RECORDS FOR PROCESSING

********************

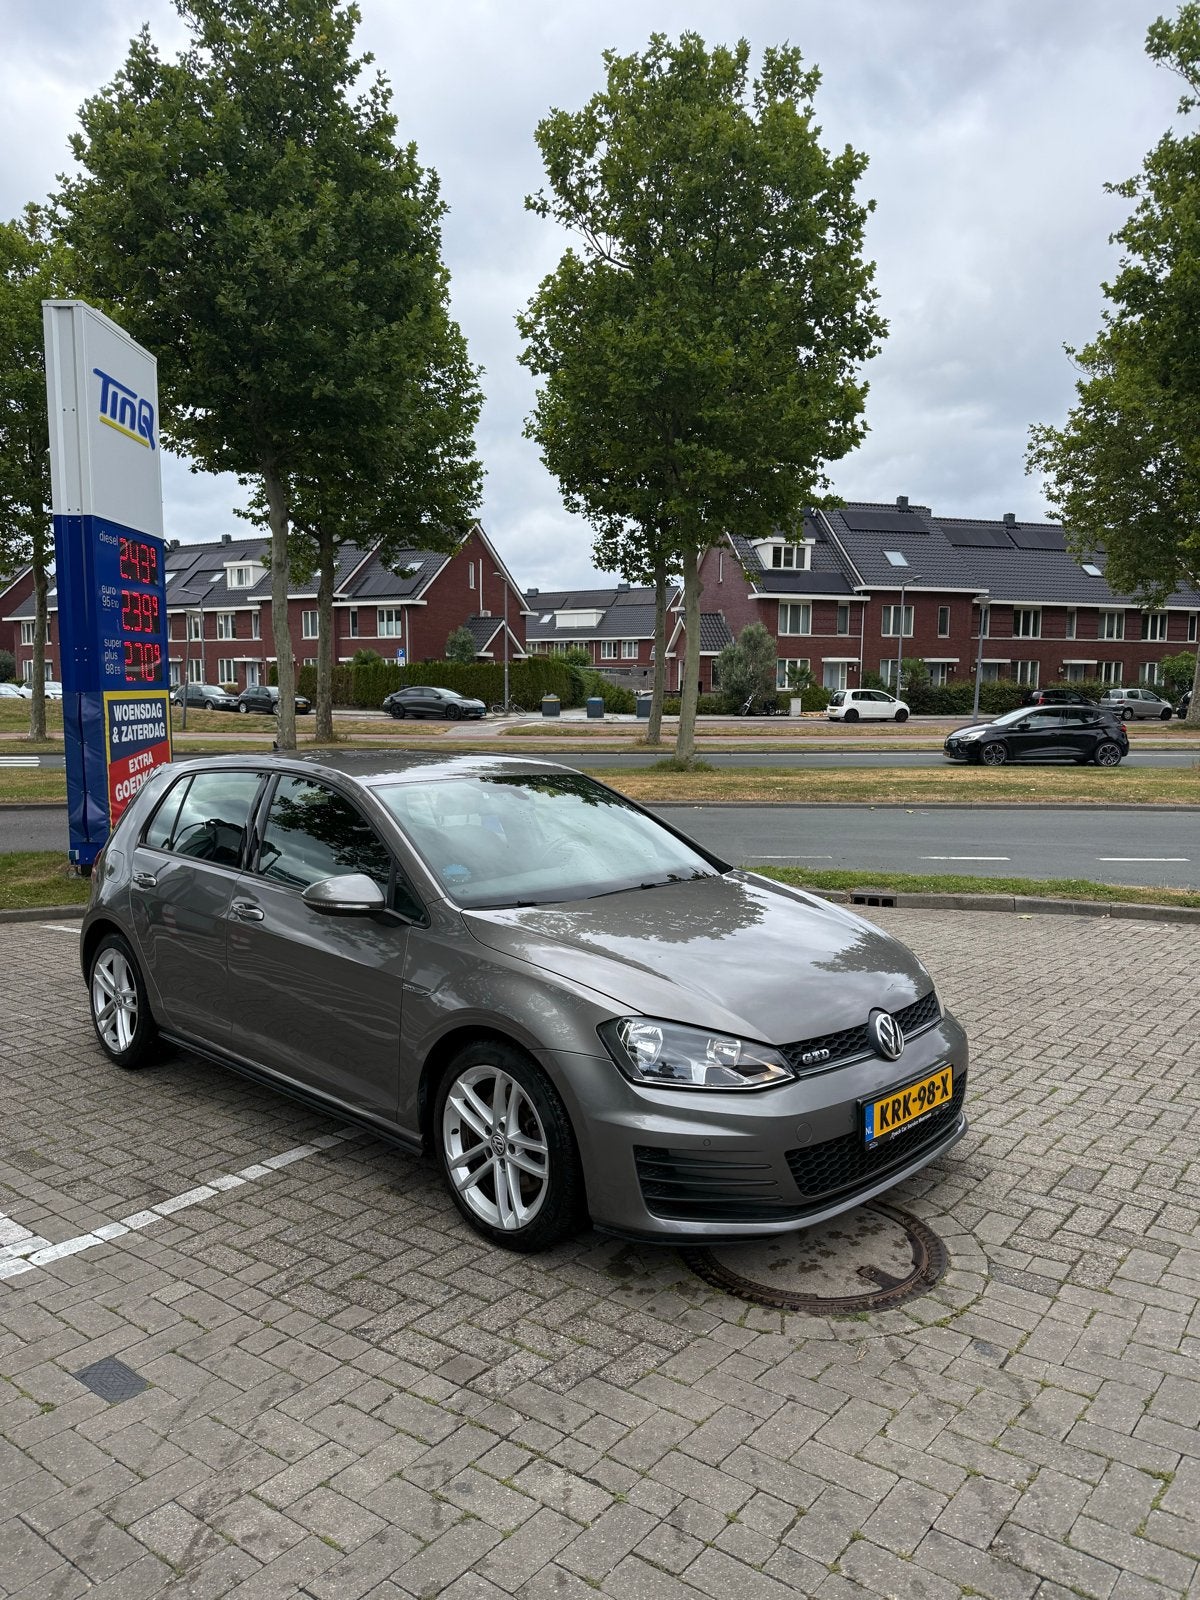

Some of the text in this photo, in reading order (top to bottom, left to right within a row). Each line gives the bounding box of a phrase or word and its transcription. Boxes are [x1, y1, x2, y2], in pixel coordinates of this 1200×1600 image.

[99, 531, 118, 546] diesel
[102, 585, 116, 595] euro
[102, 595, 119, 609] 95 E10
[104, 638, 121, 650] super
[104, 649, 118, 662] plus
[105, 663, 114, 675] 98
[113, 703, 162, 721] WOENSDAG
[112, 722, 165, 743] & ZATERDAG
[128, 751, 153, 774] EXTRA
[802, 1048, 830, 1064] GTD
[879, 1073, 949, 1130] KRK-98-X
[865, 1126, 872, 1136] NL

********************

Give back the full listing exactly as written, only without its pictures.

OUTPUT FOR THIS TASK
Some of the text in this photo, in reading order (top to bottom, left to right within a row). Each line gives the bounding box of a phrase or word and its transcription. Boxes are [x1, y1, x2, y2], in pixel coordinates of this 1200×1600 image.

[99, 531, 118, 546] diesel
[102, 585, 116, 595] euro
[102, 595, 119, 609] 95 E10
[104, 638, 121, 650] super
[104, 649, 118, 662] plus
[105, 663, 114, 675] 98
[113, 703, 162, 721] WOENSDAG
[112, 722, 165, 743] & ZATERDAG
[128, 751, 153, 774] EXTRA
[802, 1048, 830, 1064] GTD
[879, 1073, 949, 1130] KRK-98-X
[865, 1126, 872, 1136] NL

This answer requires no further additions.